At 8:00am, we started to triage the dental clients. Soon after their paperwork was completed, they would flow into the clinic. The lawn chairs were constantly full of clients that required cleanings, extractions, and fillings. Sometimes clients needed a surgical intervention, such as a bone graft or the drainage of abscesses. The room was filled with loud and lively conversation in both English and Spanish. Unfortunately, we also heard some crying children who were fearful of anesthetic injections or extensive dental treatment.
We began our work by sterilizing instruments using two autoclaves. It was our responsibility to keep as many instruments available as possible. After sterilization, we returned the instruments to the dentist or dental hygienist. Although there was a variety of instruments available, most kits were not full; we had a high need for dental mirrors and syringes. After a while, we switched to other duties, including helping with client paperwork, translating, or assisting dentists with extractions and fillings. On most days, lunch was at 12:00pm, but not many people took the break. We normally waited until all the clients had been seen for the day, and around 3:00pm or 4:00pm we ate our lunch, which was provided by the San Salvador volunteers. Once we were done eating, we took the bus back to the hotel and to get ready for dinner at 7:30pm. We ate dinner at a variety of delicious local restaurants. On the days when the clinic finished a little earlier, we enjoyed the opportunity for some tourism. We visited the local arts and crafts markets, the San Salvador volcano, and the beach.
The locals of San Salvador were very appreciative of HMO’s work. They were eager to receive dental and medical care, and stood outside for hours at a time when the clinics were busy. We supplied our waiting clients with water, and made sure that they could sit under the canopy while they waited. No one complained, and in the end, we treated over 2000 patients. For us, the feeling of accomplishment was incredible because we knew that we had helped so many people. Yet we were also left with sadness. We grew to become very fond of the local people and, since we could only spend eight days in San Salvador, there were many people that we were unable to reach. All HMO’s volunteers wished that we could have reached everyone that needed dental care. As Canadians, we also became very aware of how fortunate we are and of the dental care we take for granted.
Visiting El Salvador was not only an educational experience which helped to further our professional development, but also an opportunity to raise our awareness. We got to see how people in other parts of the world live, and we got to see firsthand how wonderful the people were. This trip changed our perspectives, enriched our personal outlooks, and enabled us to gain confidence in our abilities as dental health professionals and our future. The journey with HMO was truly an experience that surpassed our expectations.
“Being from El Salvador myself, this experience is very close to my heart. I feel very grateful for the opportunity to have participated in this dental outreach mission that has helped so many Salvadoreños. I would like to thank my family for all of their support and all of the kind gestures they have given to the outreach team and me.
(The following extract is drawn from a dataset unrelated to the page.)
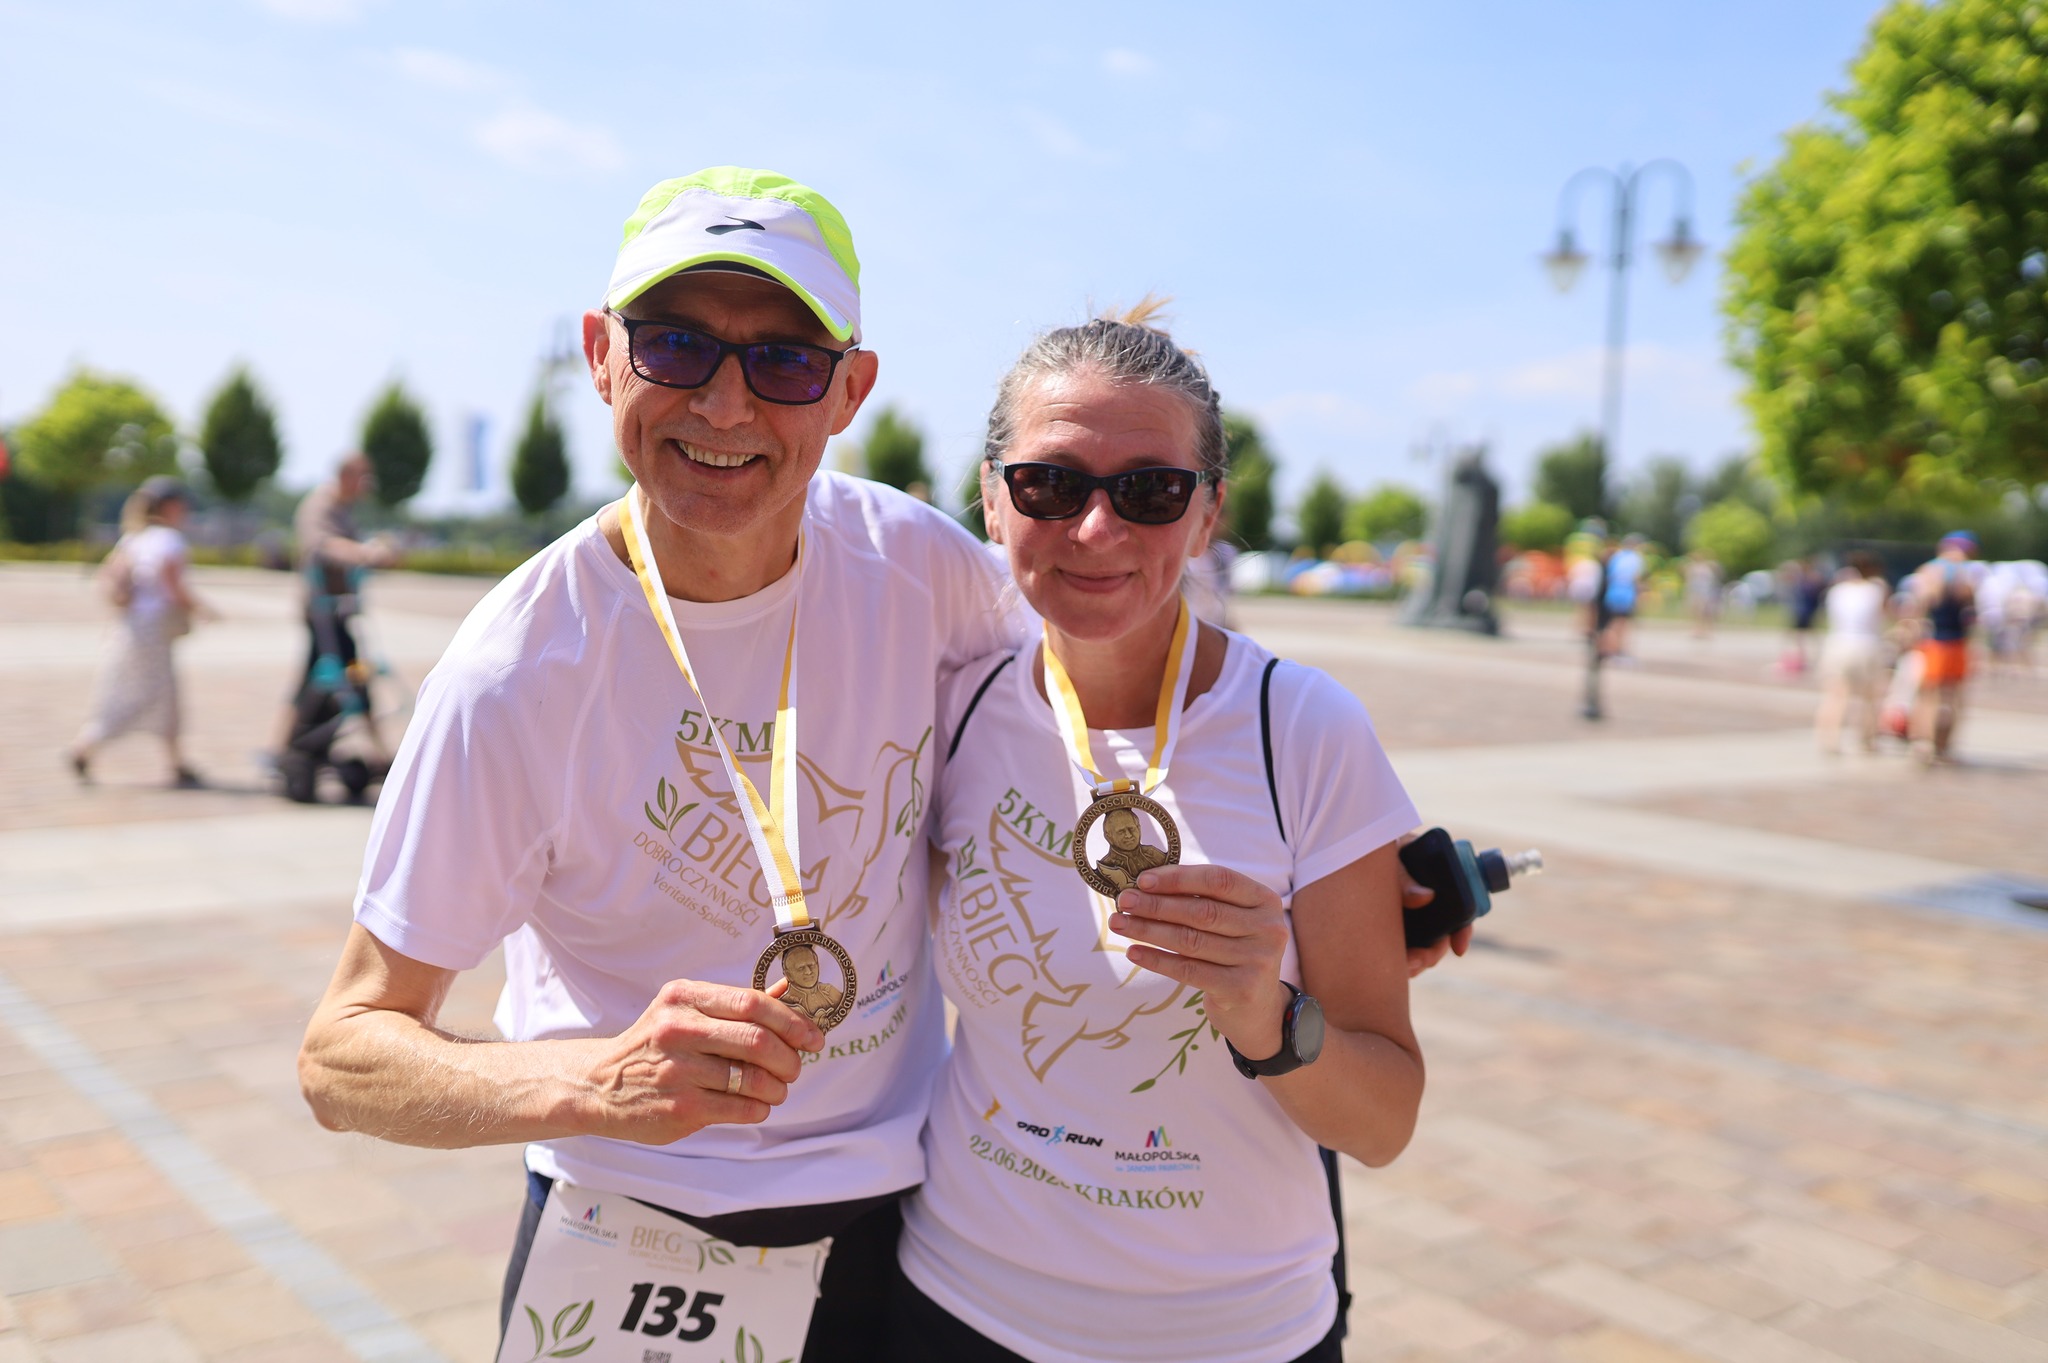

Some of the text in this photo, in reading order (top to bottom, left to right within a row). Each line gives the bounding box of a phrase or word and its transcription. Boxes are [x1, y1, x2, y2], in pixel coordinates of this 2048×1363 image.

I have met incredible people that have demonstrated such compassion and humbleness in their approach to the work that they do and I feel blessed to have been a part of this adventure.”
“At the beginning of this trip, I would have never had guessed how this experience would impact me personally. I have learned an abundance of new skills and gained knowledge about my future career. I’ve also learned a lot about myself. The people I met during this trip gave me a new perspective on life and have made me realize the importance of family, friends and healthcare.”